Two bonus essays by Kate Alcott


By Kate Alcott

It's maddening for a writer: you've got a fascinating piece of information you want in your book, but you can't find the right place to put it.

Now multiply that by the hundreds of facts that tumbled out in the aftermath of the sinking of the Titanic, and you get an idea of how frustrating it can be to have to toss one great fragment after another into the wastebasket.

Even now I'm tempted to collar a friend or two once in a while to talk compulsively about things I couldn't squeeze into The Dressmaker. You, dear reader, will get the same treatment. Here are some of the things that happened AFTER the Titanic went down that aren't in my book. (Much of this information comes from The Titanic: End of a Dream, by Wyn Craig Wade, which is one of the best and most extensively researched books I've read on this tragedy.)

• Overall, 75 percent of the women passengers survived, but only 25 percent of the men. Sixty percent of all the survivors were travelling First Class. Those in steerage were not so fortunate: only 25 percent of them survived.
• Carl Van Anda - the legendary and much respected editor of the New York Times - did strike a secret deal with Guglielmo Marconi, the inventor of wireless radio transmission.

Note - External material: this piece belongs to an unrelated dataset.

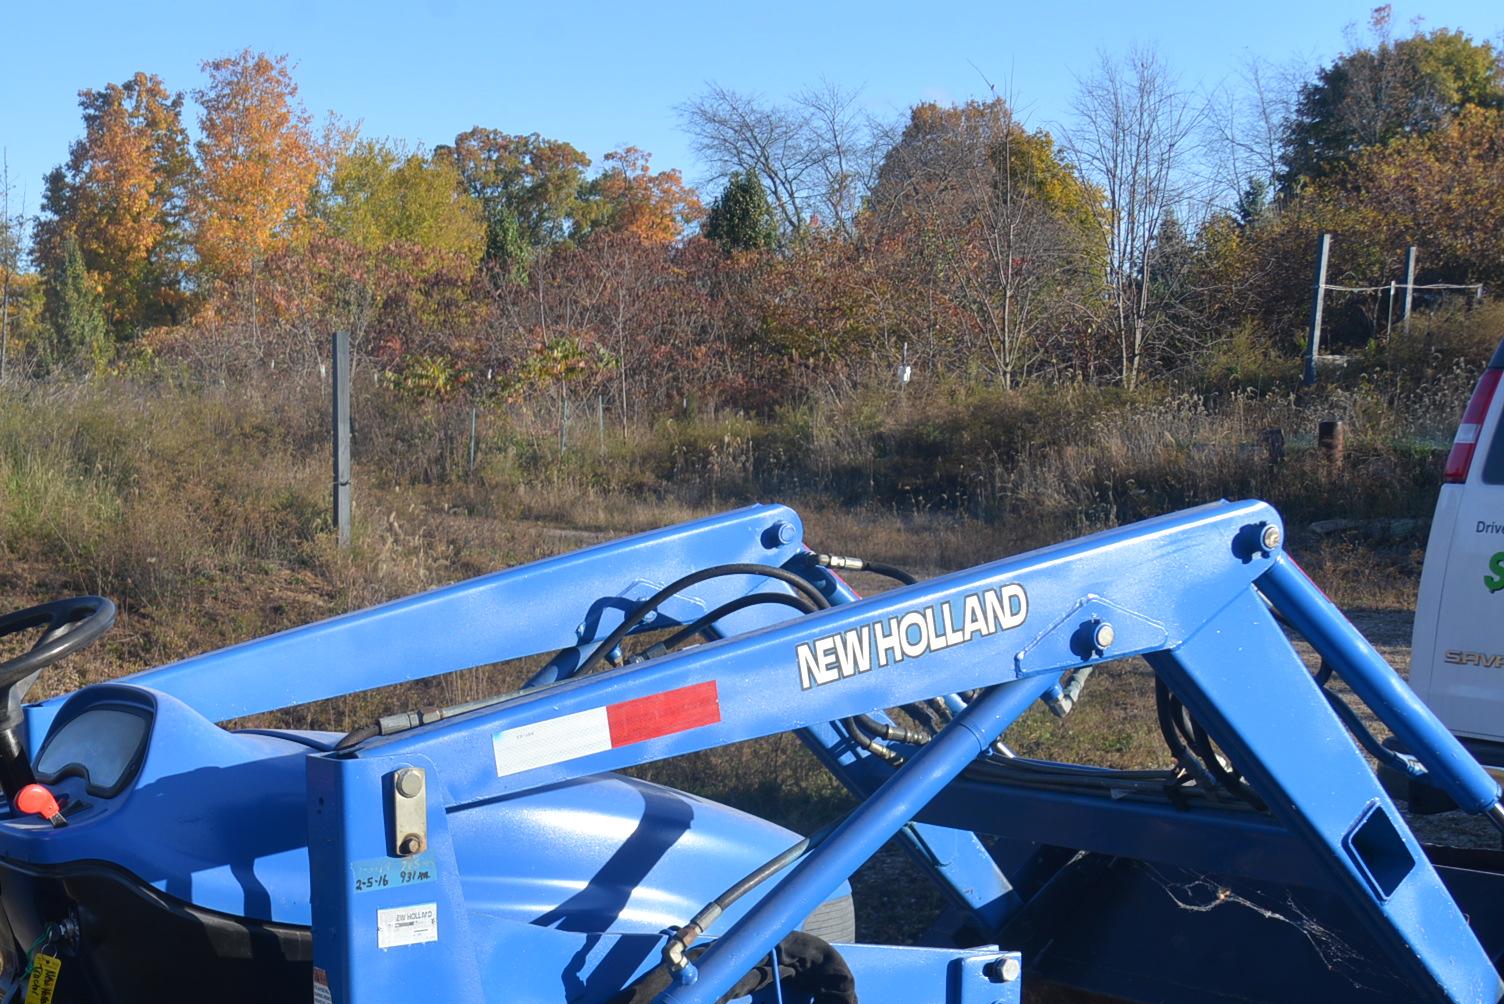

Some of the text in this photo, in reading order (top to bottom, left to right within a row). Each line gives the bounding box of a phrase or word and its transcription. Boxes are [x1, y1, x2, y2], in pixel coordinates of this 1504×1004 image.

He ordered the Titanic wireless operators to speak only to the Times, promising them money, a deal that enraged other newspapers. "Titanic Story Is Held Up For Cash," the Associated Press reported. "New York Paper Kept World In Agony While Dickering For Wreck News," charged the Hearst papers. Senator William Alden Smith, who chaired the U.S. Senate hearings, was outraged and hammered away at Marconi on the witness stand. Still, he was forced to tread carefully. Not only was Marconi a very popular figure in the United States, but turning the even more powerful New York Times into an enemy was dangerous. Smith quickly found himself disparaged and mocked by the newspaper and was forced to back off.
• Senator Smith ended up questioning eighty-two passengers, four officers and thirty-four crew members, sticking doggedly to what often seemed a thankless job. A measure of his success is the fact that U.S. legislation was passed within months decreeing 24-hour wireless service on all ships and a guaranteed lifeboat seat for every passenger.
• J. Bruce Ismay, chairman of the White Star line, was cleared of wrongdoing in the British inquiry, but his reputation suffered for making an apparently effortless escape from the Titanic and haunted him the rest of his life.
• Authorities were puzzled by the fact that hundreds of bodies had not surfaced weeks after the tragedy. They had been caught by the Gulf Stream waters and began emerging finally, in some cases as far as forty-five miles from where the Titanic went down. Various ships began reporting macabre sights - people floating in steamer chairs, a man in evening dress atop a door, a woman floating in a billowing white nightgown.
• According to Wade, all the identifiable first-class passengers that were found - including John Jacob Astor, who was identified by the initials sewn into his jacket (and had $2,500 in his pockets) - were brought back to shore for burial. Others were buried at sea. Class distinctions, one might surmise, lived on even in death.
• Many of the burials were in Halifax, Nova Scotia, which was home port for the ships searching for bodies. It is now the location of a Titanic museum.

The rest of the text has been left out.